[Dataset excerpts — start]

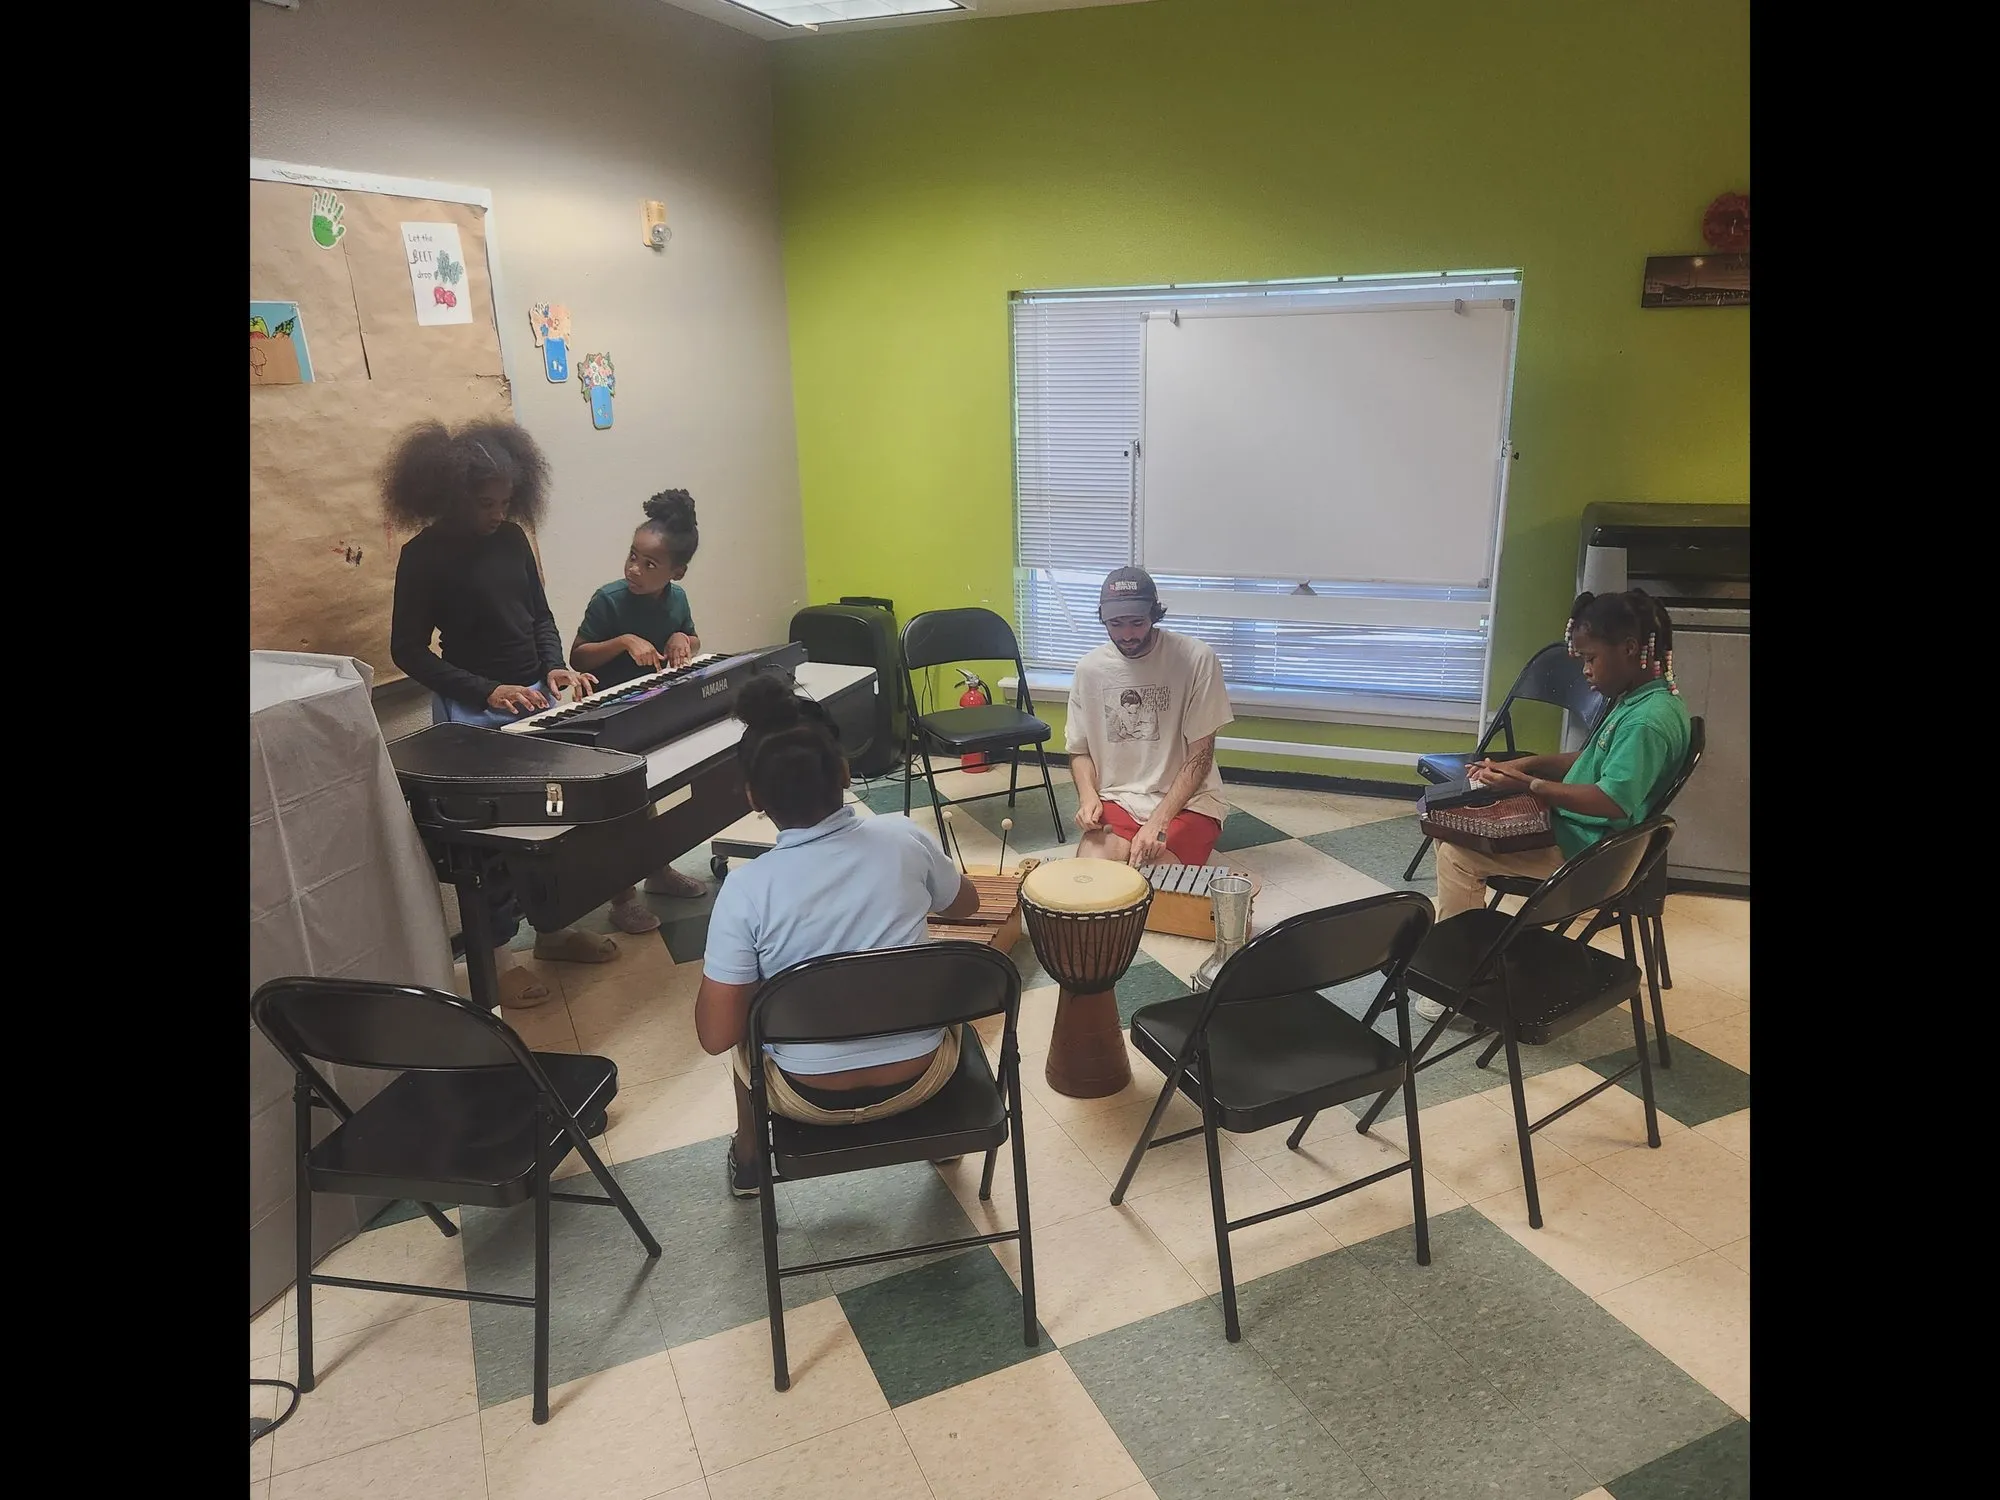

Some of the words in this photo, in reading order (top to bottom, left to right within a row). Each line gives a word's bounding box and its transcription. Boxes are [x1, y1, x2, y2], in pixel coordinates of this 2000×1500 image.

[408, 233, 420, 242] Let
[422, 233, 433, 242] the
[409, 249, 433, 264] BEET
[417, 269, 432, 280] drop
[701, 678, 728, 699] YAMAHA

[Dataset excerpts — finish]

* Required work
Only the pictures in the listing above get left out; print everything else exactly.

* Exercise solution
Some of the words in this photo, in reading order (top to bottom, left to right within a row). Each line gives a word's bounding box and its transcription. Boxes are [x1, y1, x2, y2], in pixel coordinates of this 2000×1500 image.

[408, 233, 420, 242] Let
[422, 233, 433, 242] the
[409, 249, 433, 264] BEET
[417, 269, 432, 280] drop
[701, 678, 728, 699] YAMAHA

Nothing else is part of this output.